Two questions dominate our consideration of the fate of the world’s ancient heritage. The more vexing and urgent one — how can we prevent the looting of archaeological sites and the illicit trade in antiquities -– is not the topic of this article. The second one is.
“Where do the great treasures of ancient art belong? In Western museums or in countries where the civilizations that created them once flourished?”
This question turns on two presumptions:
In the first instance, it has been argued that British, French, and German nationals removed antiquities found in the Mediterranean basin and the Middle East only because their nations were the dominant military, political, or economic powers in the region. Had Greece, Egypt, Iraq, and Iran been equally powerful — indeed if they had been independent, sovereign nations (they weren’t; they were part of a weakening Ottoman Empire) — they would never have allowed foreign nationals to remove their ancient cultural property. And now that they are independent, the antiquities in question, even if they had been removed legally under previous regimes, ought to be returned to the jurisdiction of the appropriate modern nation states.
These calls to return artifacts are an effort to redress historical imbalances of power, and have been justified on these terms. It is also an effort to rewrite history.

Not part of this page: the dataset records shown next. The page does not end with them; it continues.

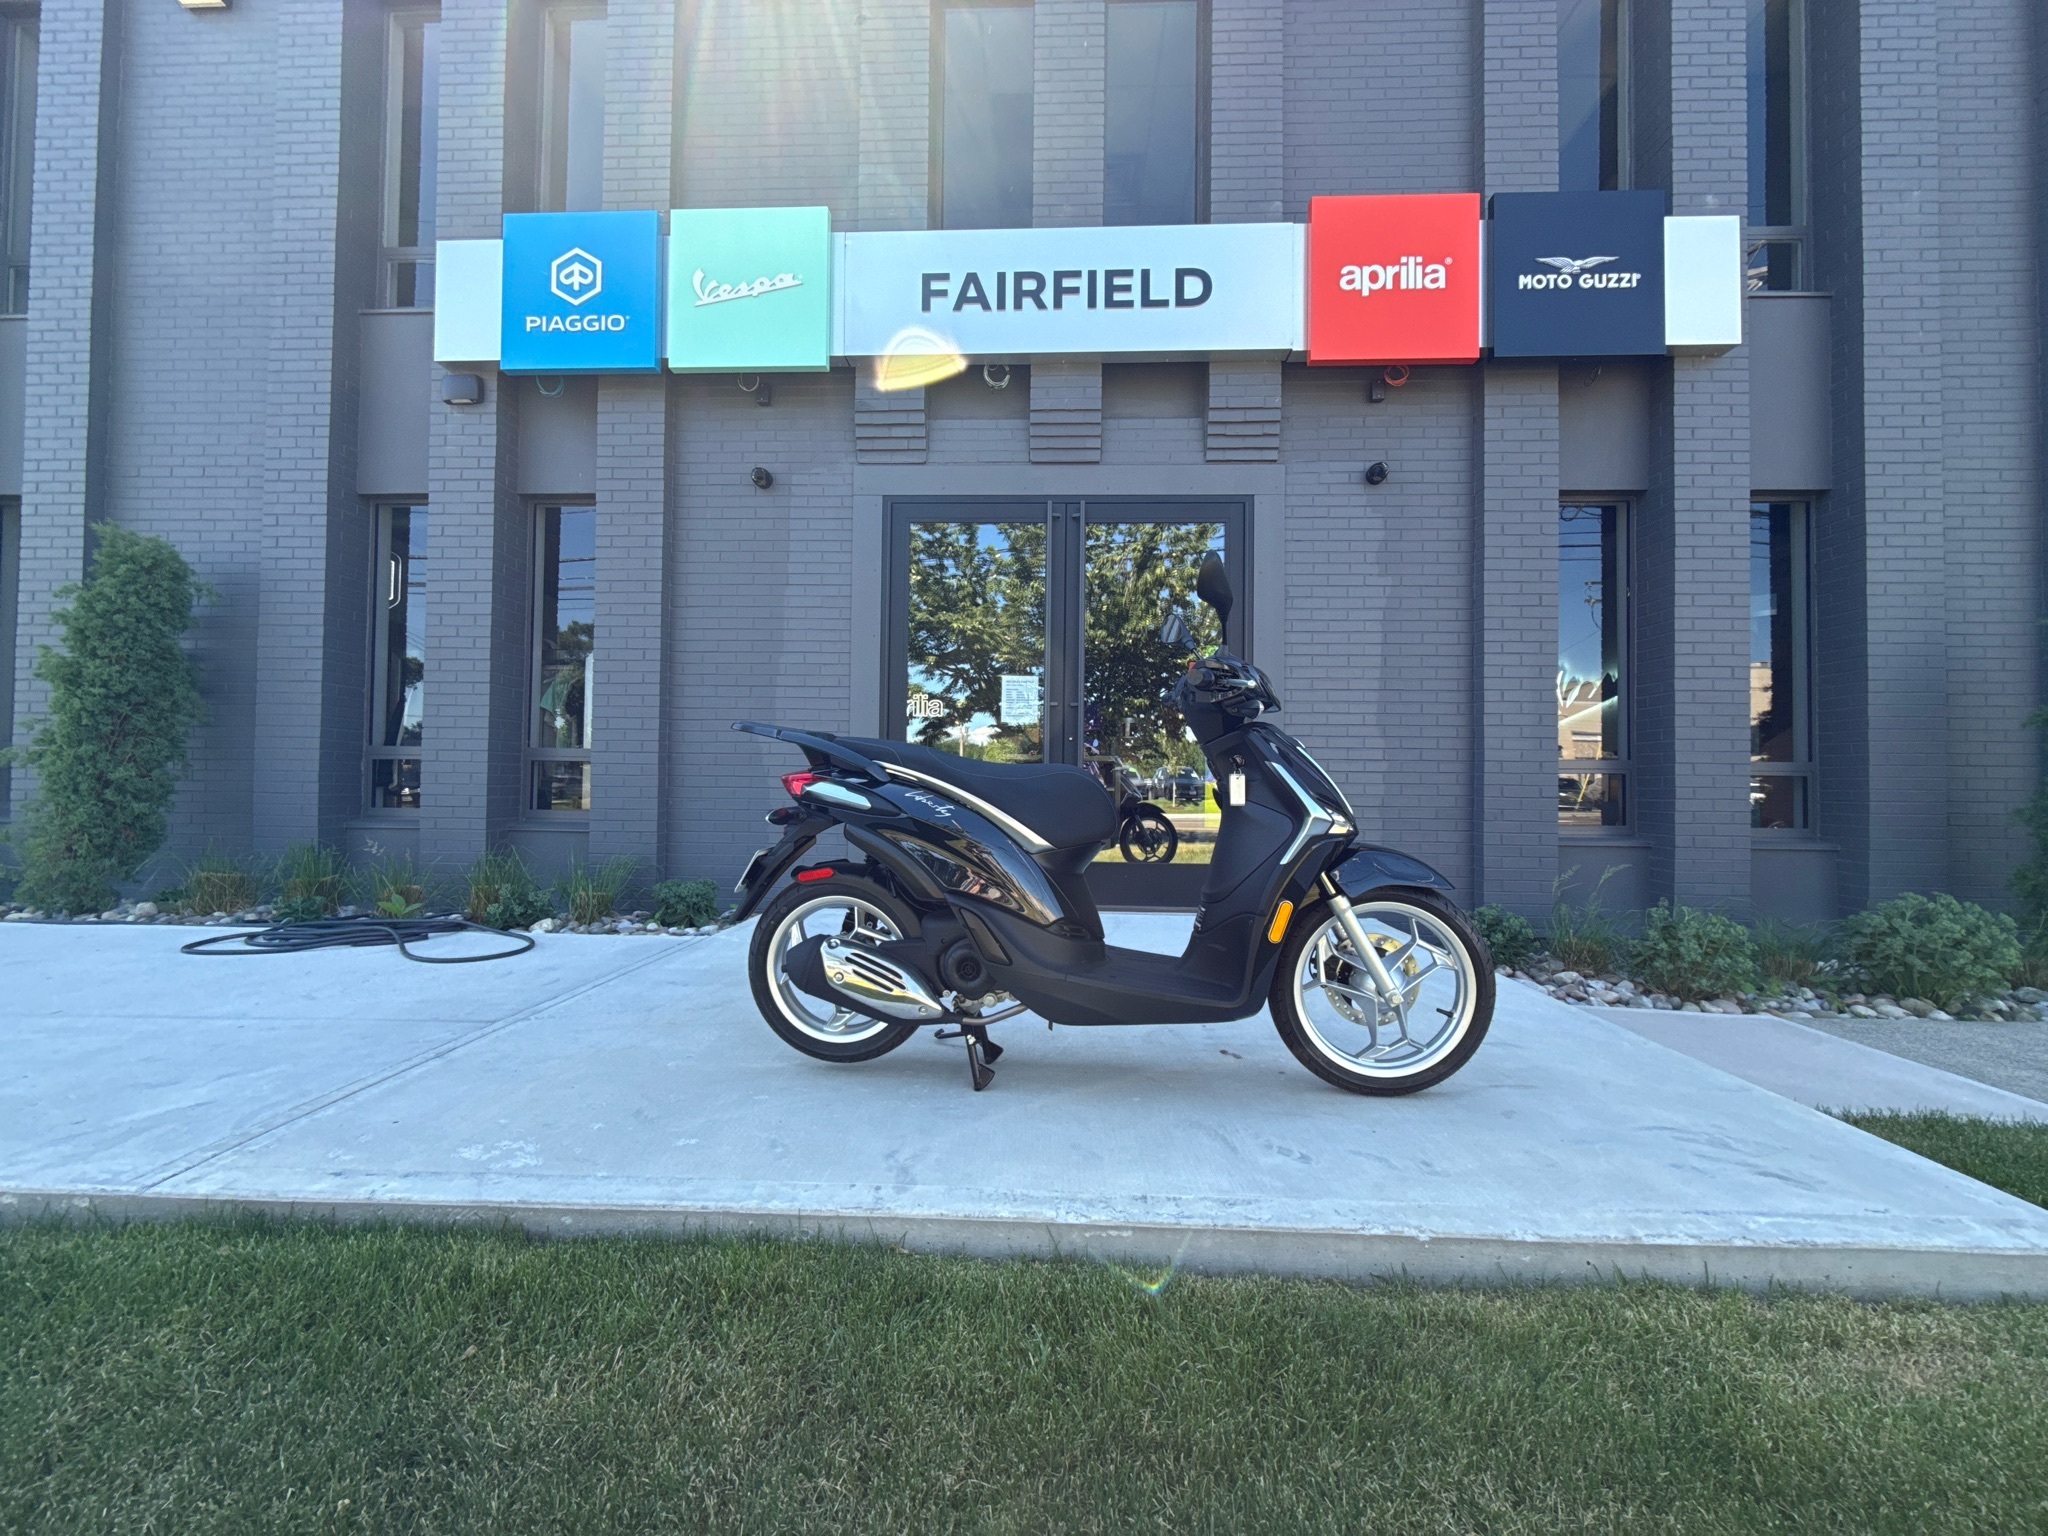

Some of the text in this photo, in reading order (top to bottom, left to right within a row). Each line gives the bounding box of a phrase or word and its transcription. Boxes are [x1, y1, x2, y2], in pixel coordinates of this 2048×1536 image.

[692, 267, 804, 307] Vespa
[921, 267, 1213, 313] FAIRFIELD
[1339, 255, 1447, 297] aprilia
[1518, 273, 1638, 290] MOTO GUZZI
[525, 314, 626, 333] PIAGGIO

The Bronze Horses—who can lay claim?
The bronze horses atop St. Mark’s in Venice were looted from Constantinople in 1204 on the order of the Venetian Doge during the Fourth Crusade. They had been in Constantinople under the Byzantines since the fall of the Roman Empire during which the horses may have been made (although they have also been attributed to the 4th-centuty BC Greek sculptor, Lysippos). Venice itself was once part of the Roman Empire and then Byzantium until it became an independent Byzantine state in the 8th century and an independent city state by the 12th century, not long before the Doge ordered the removal of the bronze horses from the capital of Byzantium of which once Venice had been a part.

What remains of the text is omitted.